Higher risk doesn’t improve chances of outperforming
There is a common misperception that investors will be rewarded for taking increased risk. However, the risk/return trade-off tells us that increased risk provides for the possibility of higher returns, but the outcome is not guaranteed. While higher risk means higher potential returns, it can also lead to higher losses.
While some may believe that taking on much higher risk in an equity portfolio improves the chances of outperforming the market (or a benchmark or index), statistics show that this is not necessarily the case: outperformance is not more common among equity portfolios positioned with higher risk.

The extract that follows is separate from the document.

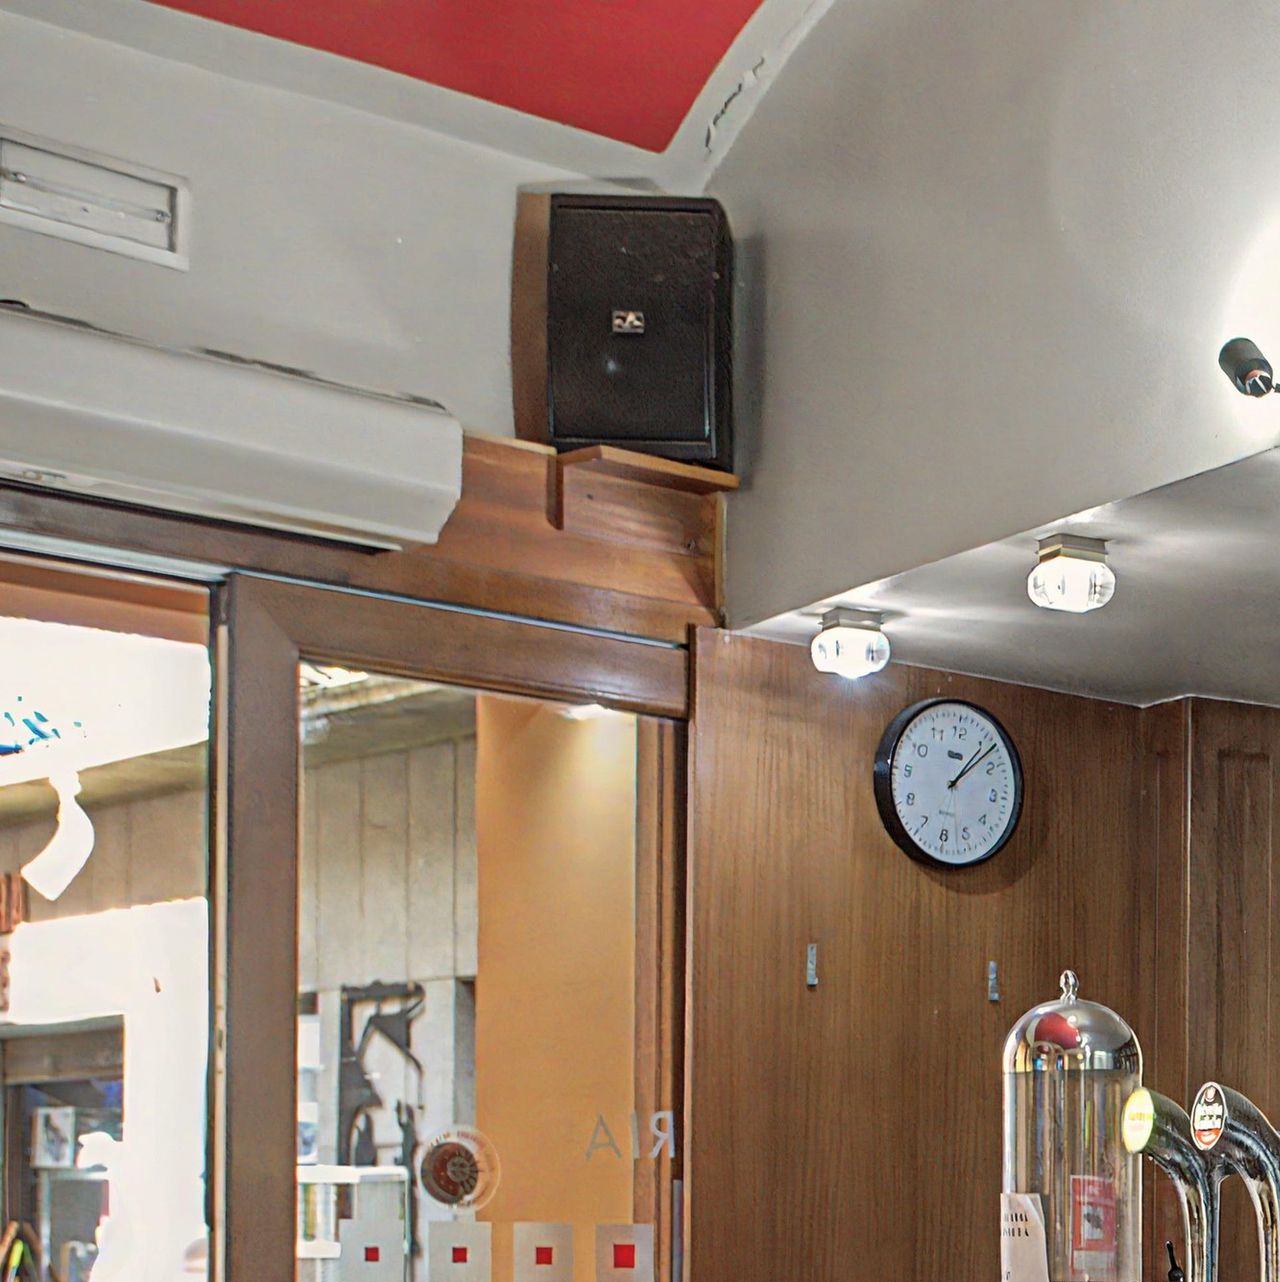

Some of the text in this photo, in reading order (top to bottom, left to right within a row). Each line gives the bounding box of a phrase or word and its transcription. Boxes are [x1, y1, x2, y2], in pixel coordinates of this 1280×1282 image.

In fact, SA performance data over the past three years show that higher-risk portfolios have a greater probability of underperforming than outperforming their benchmarks.
However, generating above-benchmark returns does require taking on appropriate risk, which involves carefully deciding how to position a portfolio with overweight and underweight holdings versus a benchmark so that it does beat the benchmark. This is called “taking an active position”. At Prudential, we manage all of our portfolios actively in order to provide above-benchmark returns for our clients.
The man-on-the-street may be tempted into thinking that portfolio managers who take large positions in companies versus a benchmark have a better chance of beating that benchmark’s returns because of their expertise in selectively choosing stocks and constructing a portfolio that should outperform. However, many of these “high-conviction” bets resulting in highly concentrated portfolios are risky, often proving unsuccessful for various unforeseen reasons.
How do you measure risk or “activeness” in a portfolio?
There are several ways to measure risk in a portfolio, two of which are active share and tracking error. Active share measures the total difference between the weightings of companies in a portfolio compared to their weightings in its benchmark at a point in time. It indicates how actively a portfolio is positioned right now. A 0% active share would mean that the portfolio is weighted exactly like its benchmark (such as an index tracking fund), while a 100% active share means that the portfolio has no holdings in common with the index.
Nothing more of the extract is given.